China quiere acelerar el C919
Además, el avión de Comac (Corporación de Aviones Comerciales de China en español) avanzó en procesos de certificación en Europa. Se trata de un paso fundamental a la hora de pensar en el C919 como un modelo de escala global.
Con todos esos logros anotados en el 2024, China empujaría aún más por el desarrollo que comenzó a principios de la década pasada. Algo que comenzó a hacer el mismo 1 de enero de 2025 con la inauguración de los vuelos de China Eastern Airlines entre Shanghai y Hong Kong, operados por el C919.
Ese hito, informado por el Gobierno chino, es parte del plan de internacionalización del C919, al cual se le van abriendo las puertas a mercados externos. Cabe recordar que Hong Kong es un territorio autónomo de China, que sostiene un régimen político externo.
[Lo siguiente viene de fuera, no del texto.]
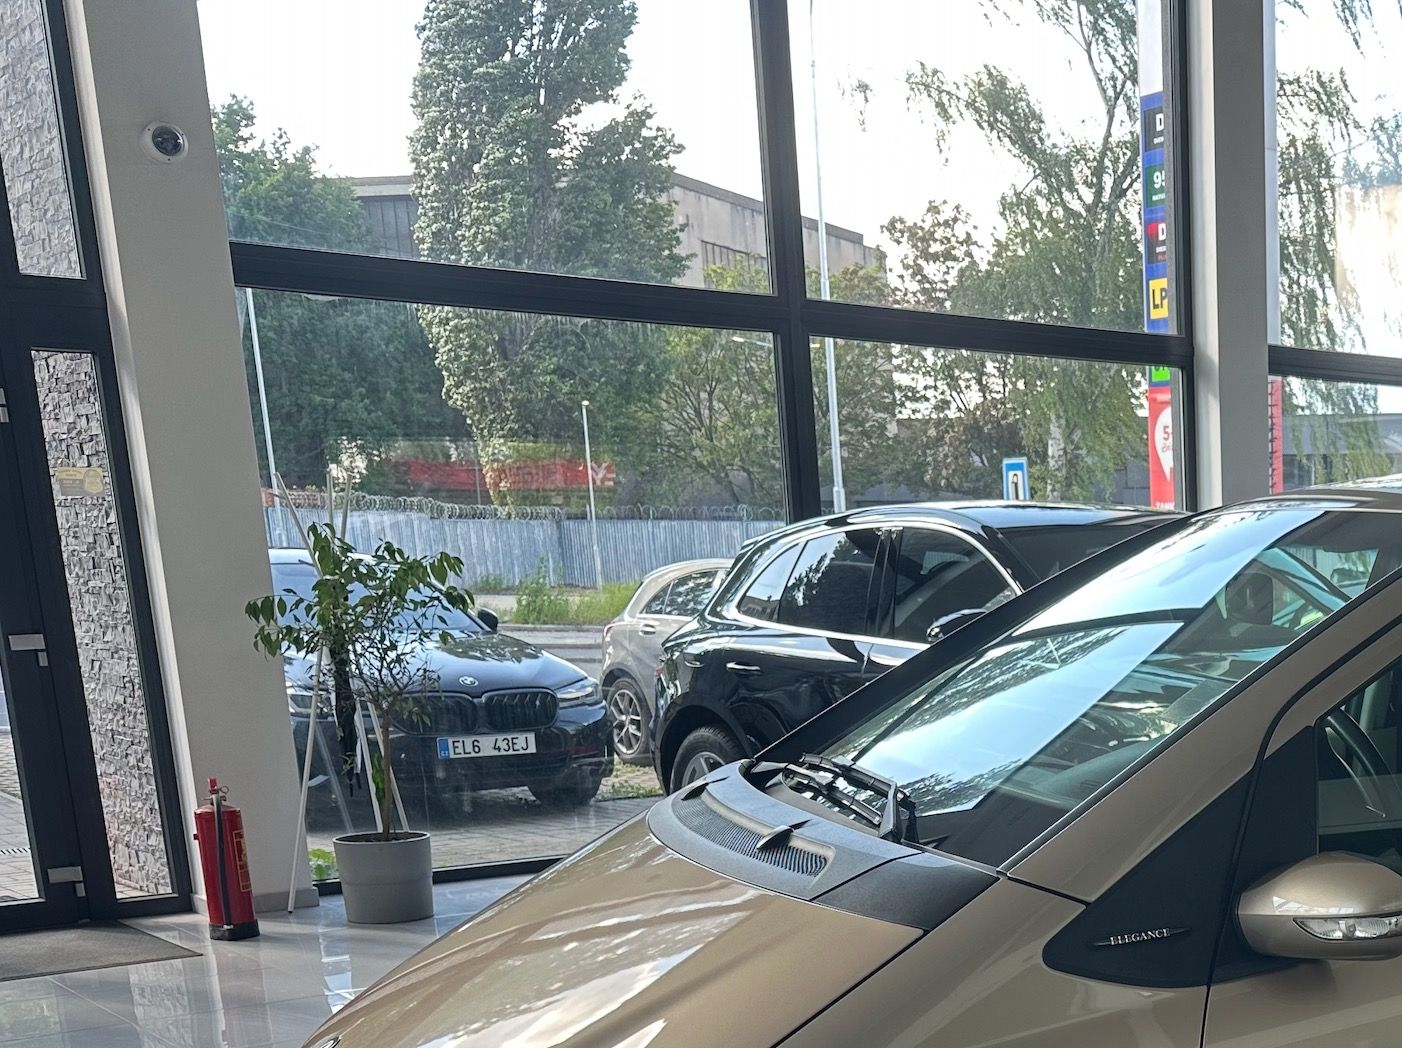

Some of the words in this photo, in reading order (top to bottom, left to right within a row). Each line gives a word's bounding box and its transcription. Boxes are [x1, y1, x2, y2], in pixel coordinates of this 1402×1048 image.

[452, 739, 481, 756] EL6
[493, 736, 529, 753] 43EJ
[1109, 927, 1172, 946] ELEGANCE
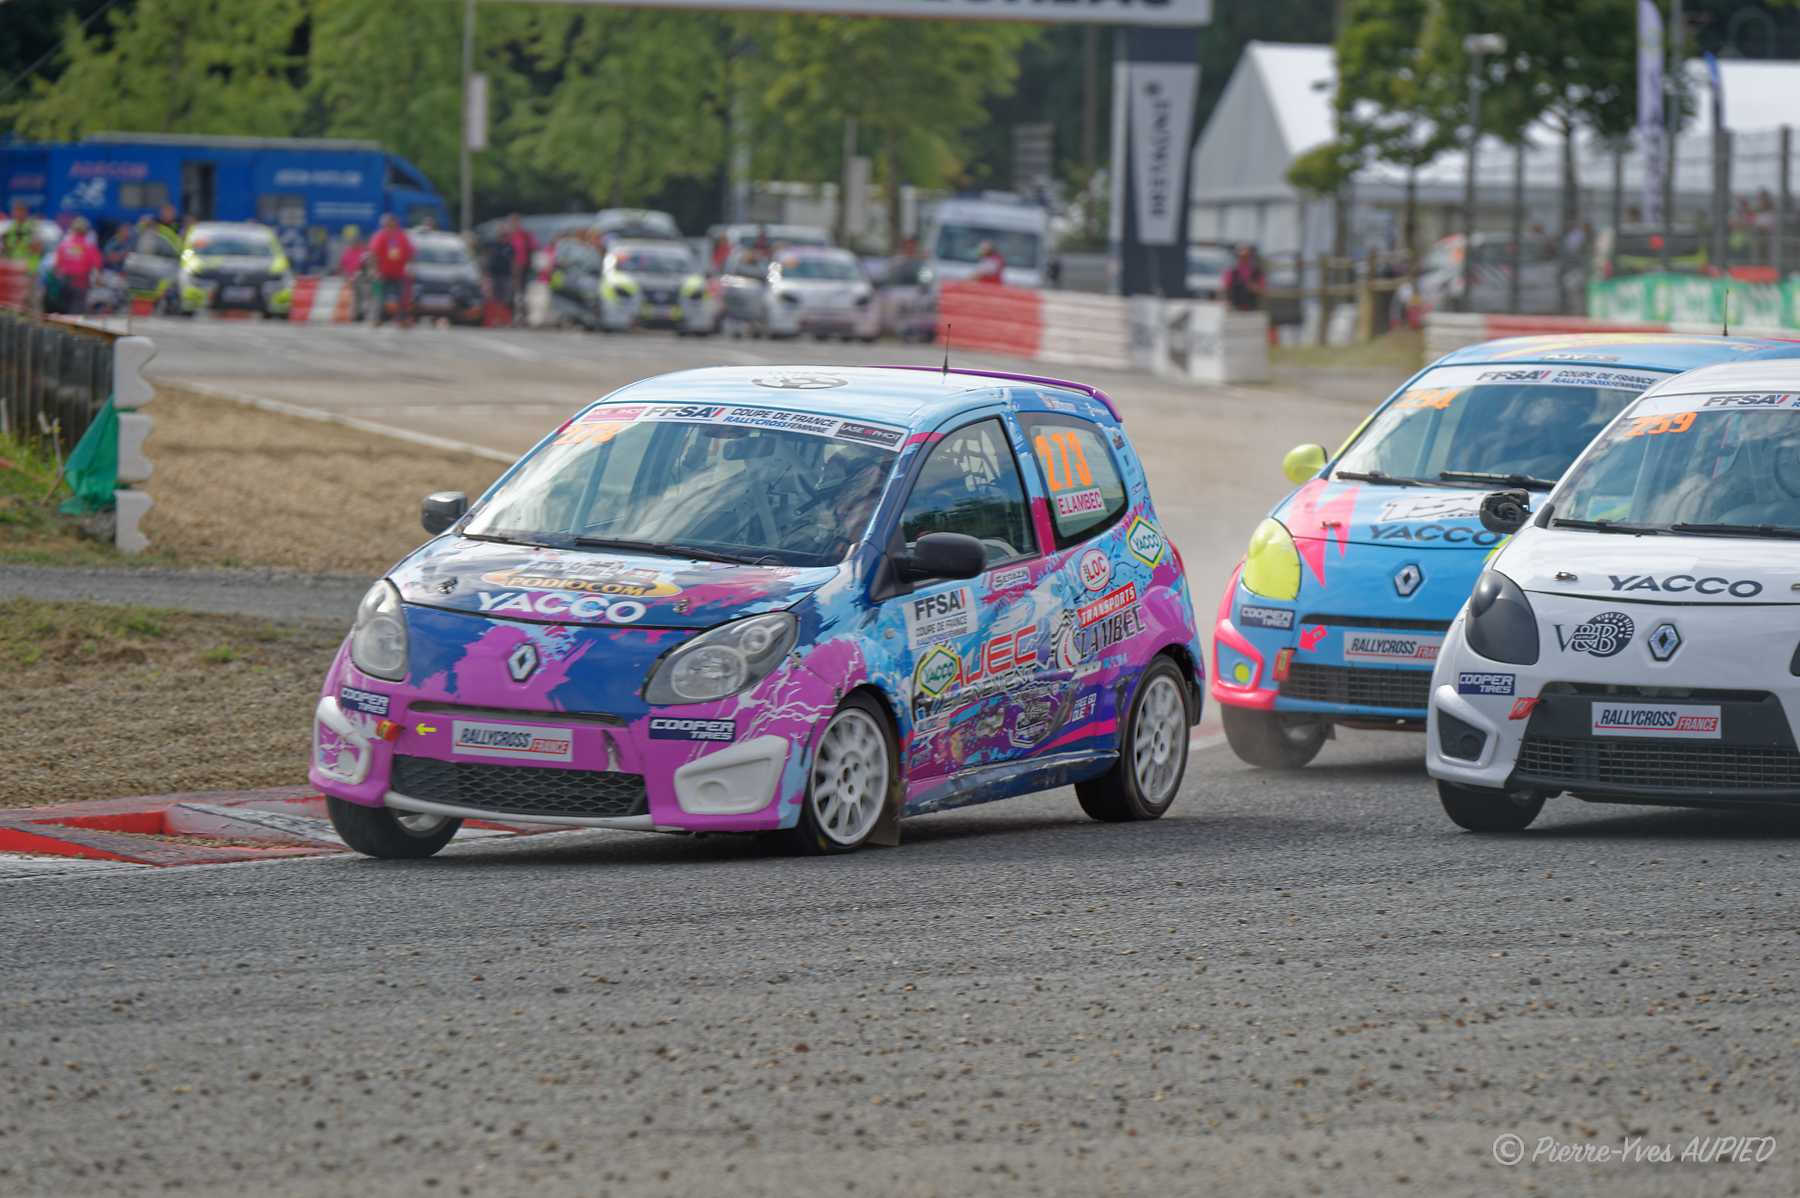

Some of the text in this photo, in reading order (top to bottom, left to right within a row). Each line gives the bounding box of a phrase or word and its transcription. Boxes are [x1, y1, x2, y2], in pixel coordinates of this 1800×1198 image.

[1476, 370, 1551, 381] FFSA
[1703, 395, 1779, 406] FFSA
[645, 406, 718, 418] FFSA
[731, 408, 838, 427] COUPE DE FRANCE
[1057, 490, 1102, 515] E.LAMBEC
[1134, 533, 1160, 549] YACCO
[1370, 524, 1502, 546] YACCO
[1086, 556, 1107, 581] LOC
[507, 576, 648, 596] PODIOCOM
[1608, 575, 1763, 598] YACCO
[478, 591, 647, 623] YACCO
[914, 589, 966, 620] FFSA
[1081, 586, 1136, 624] TRANSPORTS
[1241, 607, 1293, 622] COOPER
[1262, 618, 1291, 628] TIRES
[915, 615, 967, 637] COUPE DE FRANCE
[1351, 638, 1417, 655] RALLYCROSS
[1459, 673, 1513, 686] COOPER
[341, 687, 389, 706] COOPER
[1479, 685, 1512, 694] TIRES
[358, 702, 388, 714] TIRES
[651, 719, 736, 732] COOPER
[1601, 709, 1717, 731] RALLYCROSS FRANCE
[462, 728, 569, 754] RALLYCROSS FRANCE
[689, 731, 733, 740] TIRES
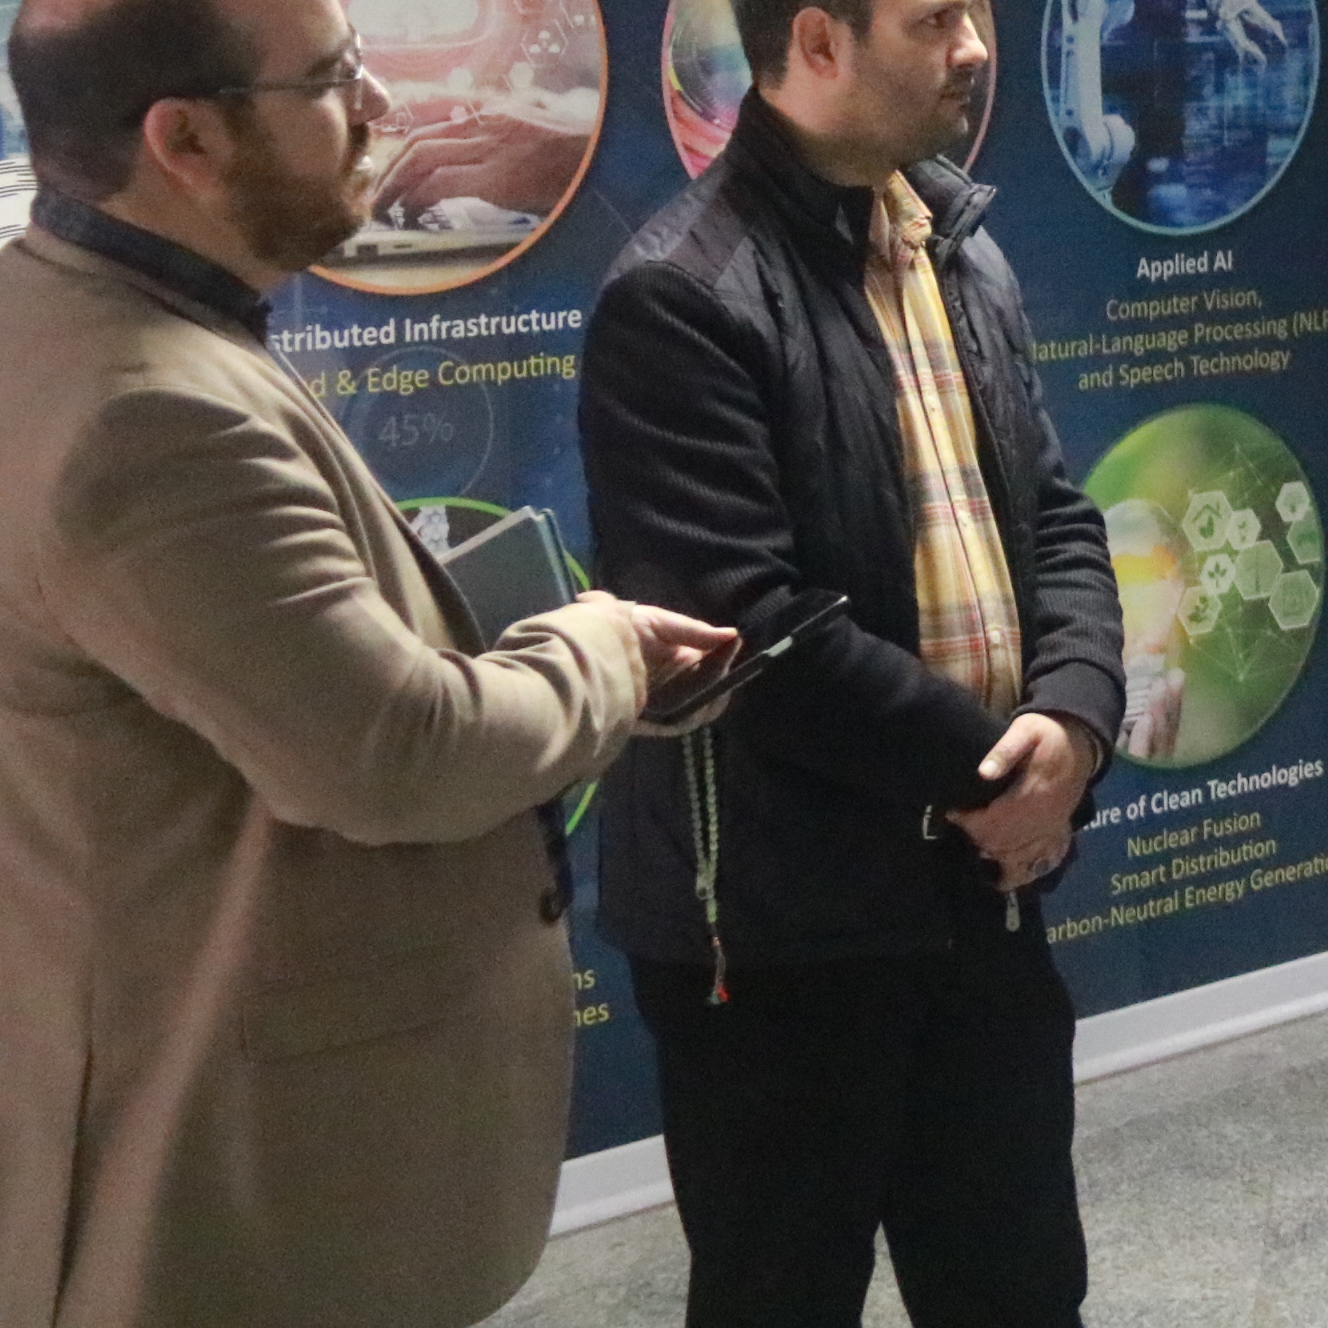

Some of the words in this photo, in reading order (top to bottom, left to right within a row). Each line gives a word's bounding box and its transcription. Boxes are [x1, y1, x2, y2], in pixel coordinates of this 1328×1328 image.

[1136, 250, 1208, 282] Applied
[1213, 249, 1234, 271] AI
[1106, 294, 1198, 322] Computer
[1204, 288, 1263, 310] Vision,
[404, 308, 582, 343] Infrastructure
[1194, 316, 1288, 346] Processing
[336, 369, 357, 395] &
[367, 365, 429, 396] Edge
[438, 352, 576, 386] Computing
[1078, 367, 1113, 391] and
[1119, 358, 1185, 388] Speech
[1191, 347, 1292, 377] Technology
[377, 413, 454, 448] 45%
[1083, 808, 1121, 831] ure
[1127, 794, 1147, 820] of
[1151, 787, 1202, 815] Clean
[1207, 759, 1324, 802] Technologies
[1127, 824, 1199, 859] Nuclear
[1203, 810, 1262, 840] Fusion
[1111, 863, 1166, 896] Smart
[1172, 837, 1277, 881] Distribution
[1185, 875, 1245, 908] Energy
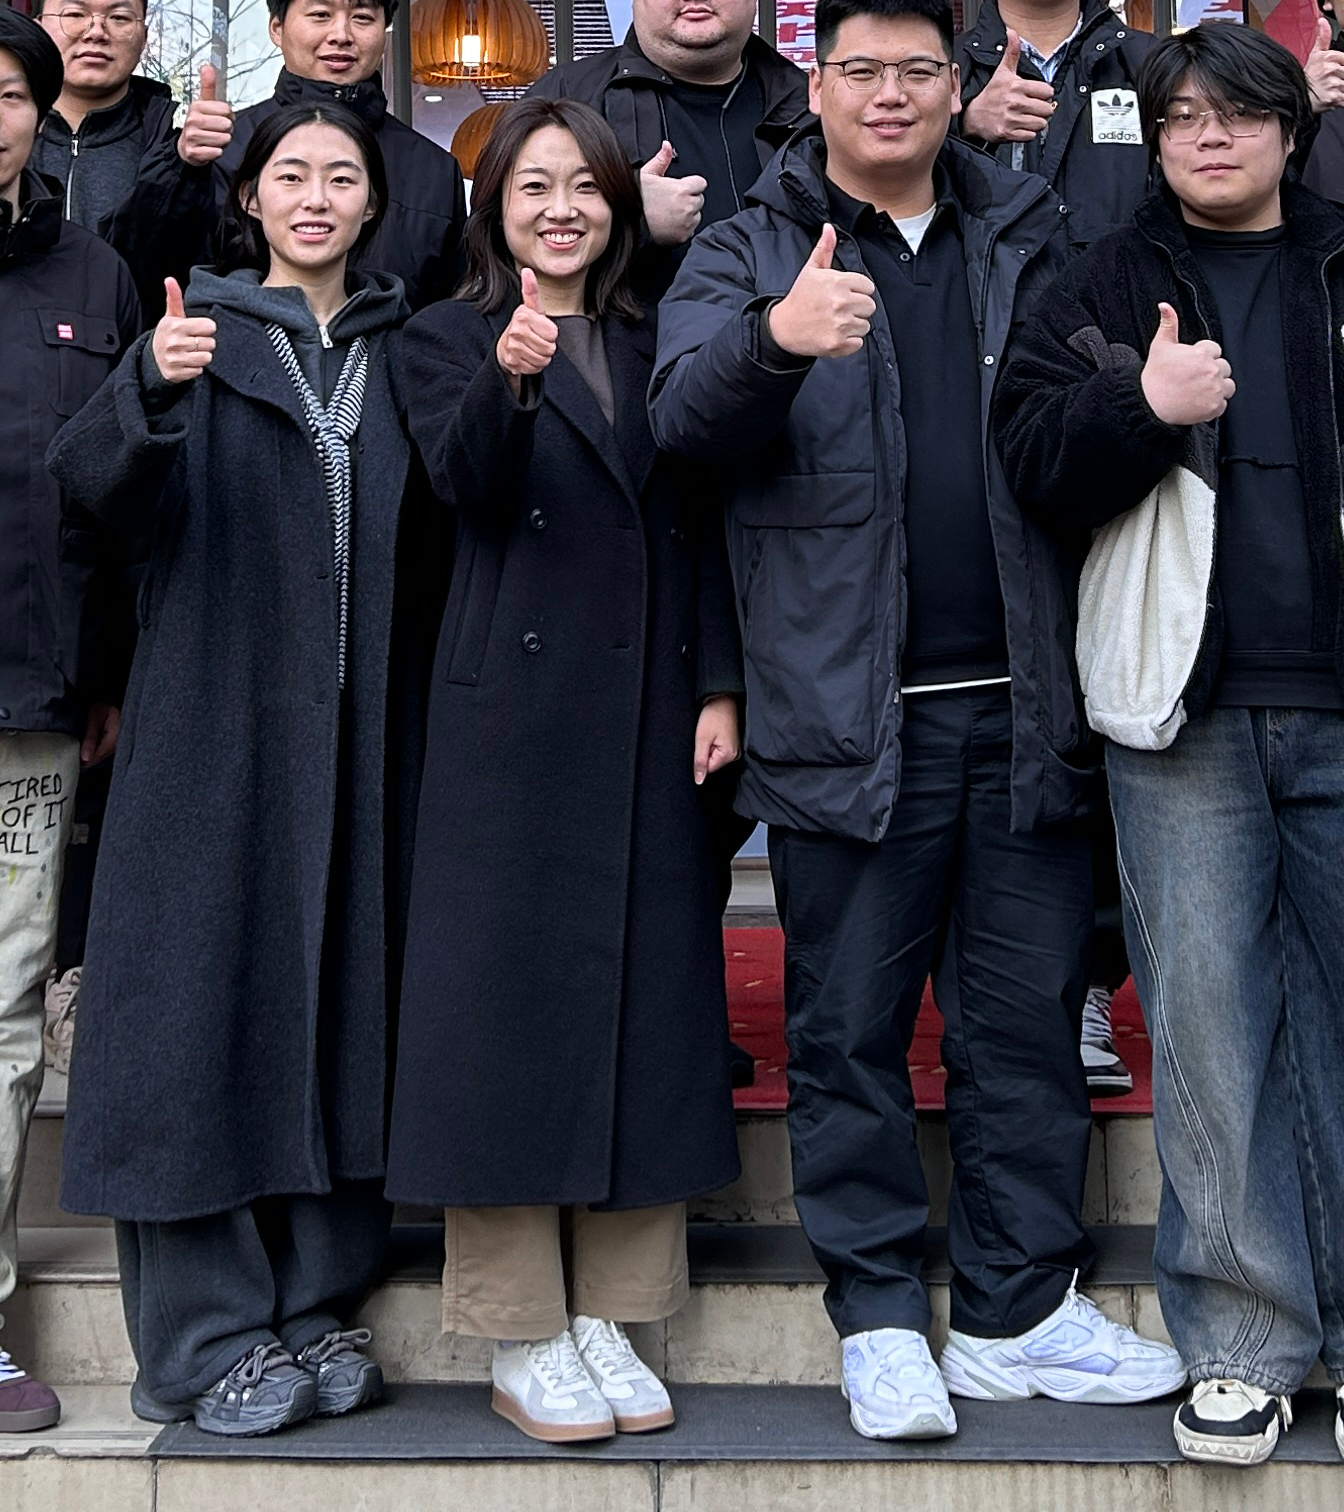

“Esperamos operar más aviones a nivel nacional en China e identificar minuciosamente cualquier problema antes de traerlos al sudeste asiático”, dijo Yang Yang, subdirector general de marketing y ventas de Comac a Financial Times en declaraciones recientes. Así, China estaría en vías de construir una imagen de “confianza” sobre su fabricación, una cuestión muy valorada en la industria.
China y la importancia de un avión propio
Por delante, Comac deberá sortear otros desafíos más allá de la aceptación. Entre ellos, el ofrecimiento de estructura global para el mantenimiento, la ampliación de una cartera de clientes del volumen que manejan Boeing y Airbus y el recorrido de varios años en el mercado.
Todo ello demandará mucho tiempo antes de que China y Comac puedan considerarse competidoras globales en materia de aviones de pasajeros. Aunque ello no implica que, a la larga, no puedan ofrecer opción a las dominantes compañías occidentales de la actualidad.
Al respecto, China considera la materia como un área fundamental para lograr una “independencia completa” del bloque encabezado por Estados Unidos. Basta con ver el ejemplo de Rusia, que fue objeto de duras sanciones que deterioraron su industria aerocomercial tras la invasión a Ucrania.